While safety concerns are primary, the punitive response of incarceration and removal from the community is not always the answer, especially among those individuals who have been rehabilitated. A model based on restorative justice, not fear, would yield greater overall benefits. If persons with conviction histories maintain their links with the community and are given better skills with which to enter the workforce and reintegrate, society will be a safer place than it is now, when people return from the prison experience damaged, unemployed and angry.

Is an enlightened system based on restorative principles costly? Not when compared to the annual expense of $167,731 to house one person at Rikers Island, as reported by the Independent Budget Office, or the more than $60,000 it costs to incarcerate one person in New York State prison (more depending on their age), according to the 2012 Pew Report on the States—for a total cost of more than $5.6 billion for the state and city penal systems. Our creed should be crystal clear and tough questions must be asked: Do New Yorkers really believe that incarcerating the elderly until death, despite extremely low recidivism rates of approximately 1 percent after age 50, best serves the public interest?

On the benefit side, a holistic and rehabilitative system better prepares persons for life in the community while saving considerable state resources. While in prison a person could receive advanced vocational training in a skilled trade, pursue secondary education (in-state, full-time CUNY tuition was $5,730 in 2013.), or receive intensive treatment for substance abuse or mental health issues—and should be free from re-traumatization through solitary confinement or physical abuse. Penalties would be fashioned in accord with treatment objectives, and would be time-limited. A holistic system would also teach accountability and responsibility to reduce the risk of future criminal behavior.
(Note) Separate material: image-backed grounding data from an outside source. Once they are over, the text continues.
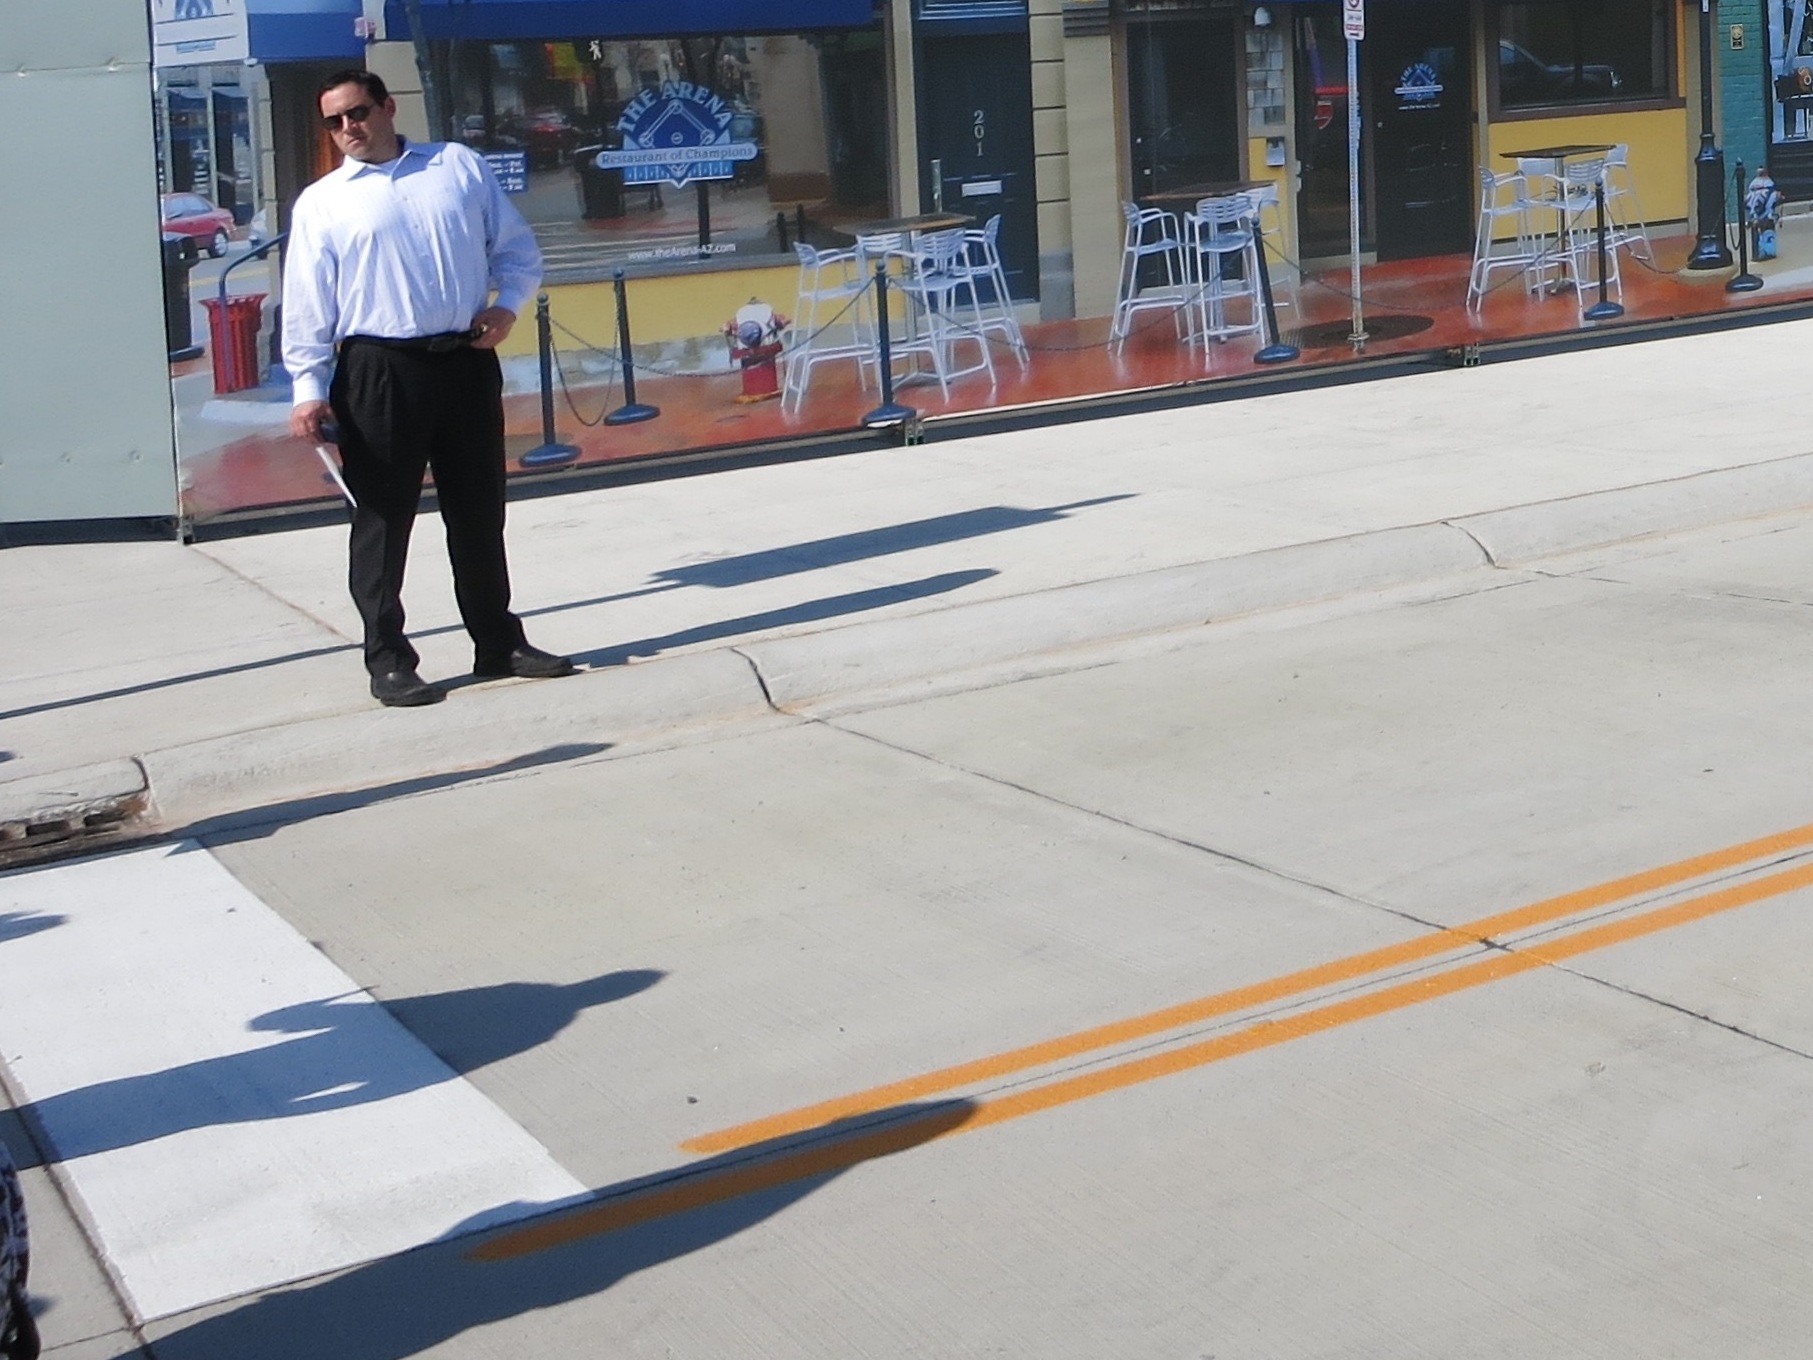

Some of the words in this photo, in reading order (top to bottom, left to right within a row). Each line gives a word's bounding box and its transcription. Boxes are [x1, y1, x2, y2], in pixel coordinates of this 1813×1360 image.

[616, 88, 657, 133] THE
[661, 80, 733, 128] ARENA
[601, 151, 668, 166] Restaurant
[670, 149, 683, 163] of
[685, 143, 753, 162] Champions
[973, 109, 985, 157] 201
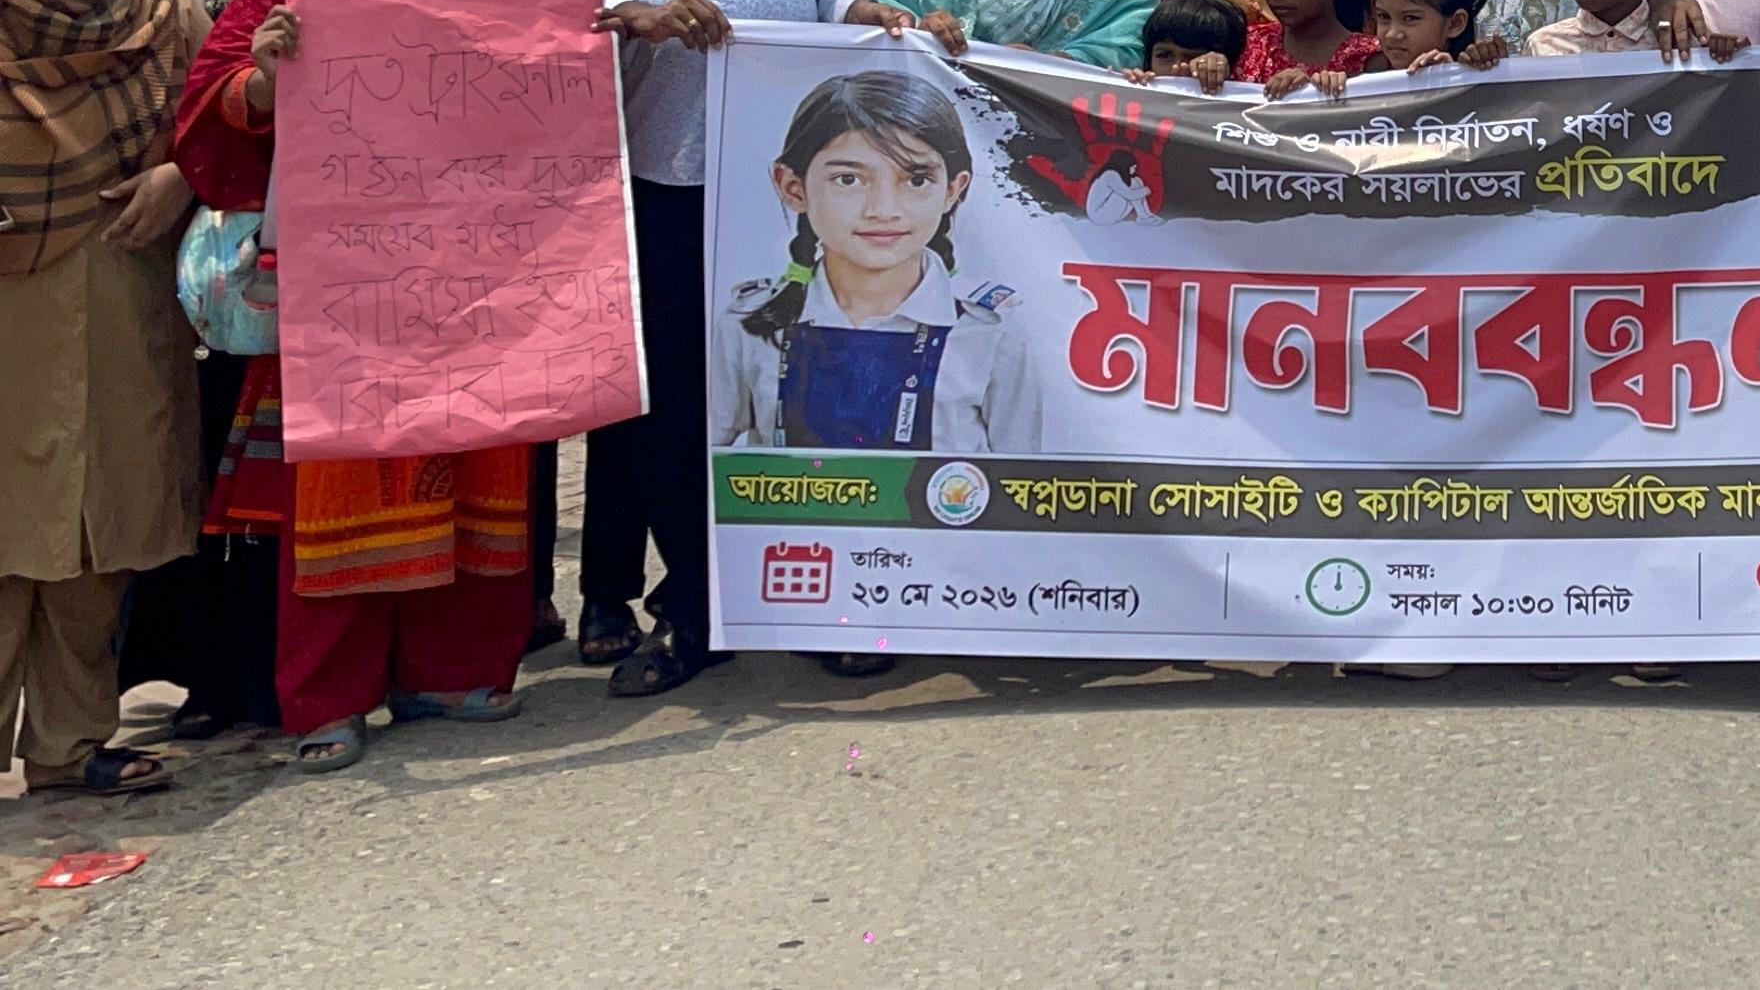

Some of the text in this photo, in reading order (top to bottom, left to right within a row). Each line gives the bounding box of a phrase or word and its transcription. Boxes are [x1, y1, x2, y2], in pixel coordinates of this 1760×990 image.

[1295, 134, 1320, 152] ও
[1413, 111, 1547, 151] নির্যাতন,
[1562, 102, 1634, 143] ধর্ষণ
[1645, 111, 1672, 136] ও
[437, 154, 508, 190] করে
[1210, 145, 1725, 203] মাদকের সয়লাভের প্রতিবাদে
[1000, 476, 1138, 521] স্বপ্নডানা
[1149, 474, 1304, 523] সোসাইটি
[1315, 488, 1343, 518] ও
[1355, 476, 1514, 522] ক্যাপিটাল
[1521, 473, 1710, 523] আন্তর্জাতিক
[852, 579, 1139, 617] ২৩ মে ২০২৬ (শনিবার)
[1389, 585, 1634, 616] সকাল ১০:৩০ মিনিট
Eligible persons could participate in temporary work release, be placed under intensive supervision in the community or housed near their families in order to maintain essential connections. Possibilities for parole release would be meaningful and motivational; a transparent parole process would operate in accord with established science by evaluating risk and by promoting personal growth and development throughout the human life span. Release would no longer be dictated by the backward looking “nature of the crime" committed many years past. It would be governed by a keen evaluation with relevant criteria, such as COMPAS (Correctional Offender Management Profiling for Alternative Sanctions, a research-based risk- and needs-assessment tool for criminal justice practitioners), compassion for the elderly, and an accommodation of those no longer posing a threat to the community. Such goals are well-served by the SAFE Parole Act, which is languishing in the State legislature.

People who return to the community would be given a meaningful opportunity to participate in the work force. This aim would be greatly advanced by the adoption of forward-looking legislation like “Ban the Box," which is currently moving through the legislatures of several states. If such barriers to (re)integration are removed, history has shown that norms evolve. The reintegrating person – like anyone relegated to the margins – is best served by removing stigma and promoting full participation in all aspects of the community, including voting, jury duty, housing and the workforce.
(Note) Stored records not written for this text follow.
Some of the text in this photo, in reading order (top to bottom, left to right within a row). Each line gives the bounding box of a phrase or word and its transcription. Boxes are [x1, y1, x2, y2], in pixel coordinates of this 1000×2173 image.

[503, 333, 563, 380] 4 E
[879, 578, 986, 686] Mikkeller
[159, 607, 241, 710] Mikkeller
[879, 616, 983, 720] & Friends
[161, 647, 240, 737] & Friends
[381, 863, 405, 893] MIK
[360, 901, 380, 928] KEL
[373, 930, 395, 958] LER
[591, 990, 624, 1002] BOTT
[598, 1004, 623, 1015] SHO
Because the shaping of operative values is a communal activity, we invite readers to actively think about the type of society they want and to make their voices heard. Please share your thoughts about the current punishment system and its overarching values, along with constructive suggestions for advancing a human rights and compassionate care-based corrections policy by posting your comment in response to this call for participation in the comments box below. And please visit this page regularly to see the conversation that unfolds, and take part in it.
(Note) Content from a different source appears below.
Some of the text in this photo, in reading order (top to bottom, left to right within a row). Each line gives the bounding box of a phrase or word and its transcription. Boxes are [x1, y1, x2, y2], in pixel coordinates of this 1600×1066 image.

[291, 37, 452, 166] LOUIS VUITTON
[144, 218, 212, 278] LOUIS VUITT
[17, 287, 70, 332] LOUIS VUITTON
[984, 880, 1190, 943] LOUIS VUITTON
Authors Westcott and Maschi are spearheading the Manifesto on Full Community Participation project.   A published version of the Manifesto will appear later this spring and form the basis of subsequent public discussions.

Jarrett Murphy

executive editor and publisher, City Limits

One area of the criminal justice system that often escapes attention is what happens before a person goes to trial or pleads guilty. Pre-trial detention sometimes has more of a destructive impact on a defendant than any sentence, especially when the criminal charges are fairly minor: People can spend more time in jail as a pre-trial detainee than they would if convicted and incarcerated. This damages careers and families, and often occurs only because a person cannot afford bail. The state has moved toward bail reform but more thinking is needed about a pre-trial supervision system that gets people to come to court without locking so many up to do so.